-- TASK DIRECTIONS --
Lines in the listing below containing the string "KANTO" are to be identified and copied.

-----

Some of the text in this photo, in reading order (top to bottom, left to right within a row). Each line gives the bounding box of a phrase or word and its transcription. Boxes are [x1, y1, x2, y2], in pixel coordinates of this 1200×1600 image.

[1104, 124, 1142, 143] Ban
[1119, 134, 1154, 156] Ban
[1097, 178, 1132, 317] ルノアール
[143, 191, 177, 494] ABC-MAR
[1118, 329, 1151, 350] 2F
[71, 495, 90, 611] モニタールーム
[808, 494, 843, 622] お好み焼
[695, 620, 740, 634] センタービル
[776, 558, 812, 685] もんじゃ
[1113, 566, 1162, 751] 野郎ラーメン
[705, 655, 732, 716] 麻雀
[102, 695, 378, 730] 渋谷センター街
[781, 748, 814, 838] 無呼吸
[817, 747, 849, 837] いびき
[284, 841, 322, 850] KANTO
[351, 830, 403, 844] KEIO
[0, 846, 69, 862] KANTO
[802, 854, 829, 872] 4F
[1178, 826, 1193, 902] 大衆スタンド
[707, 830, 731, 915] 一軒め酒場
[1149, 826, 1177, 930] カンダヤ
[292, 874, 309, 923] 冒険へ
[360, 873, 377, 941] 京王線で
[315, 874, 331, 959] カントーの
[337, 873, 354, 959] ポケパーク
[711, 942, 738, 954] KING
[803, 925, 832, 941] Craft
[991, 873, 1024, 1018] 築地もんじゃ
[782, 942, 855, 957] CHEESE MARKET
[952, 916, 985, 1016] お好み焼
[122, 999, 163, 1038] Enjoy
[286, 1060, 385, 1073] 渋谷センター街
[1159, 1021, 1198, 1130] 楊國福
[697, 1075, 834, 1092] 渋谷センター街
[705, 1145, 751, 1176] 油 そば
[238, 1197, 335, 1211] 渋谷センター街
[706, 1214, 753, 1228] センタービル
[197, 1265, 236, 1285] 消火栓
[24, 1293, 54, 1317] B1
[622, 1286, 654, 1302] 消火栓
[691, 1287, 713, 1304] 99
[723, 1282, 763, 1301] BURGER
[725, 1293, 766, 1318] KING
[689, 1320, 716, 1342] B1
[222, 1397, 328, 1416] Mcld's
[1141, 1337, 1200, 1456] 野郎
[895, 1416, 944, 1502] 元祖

-----

-- ANSWER FOR THE TASK --
[284, 841, 322, 850] KANTO
[0, 846, 69, 862] KANTO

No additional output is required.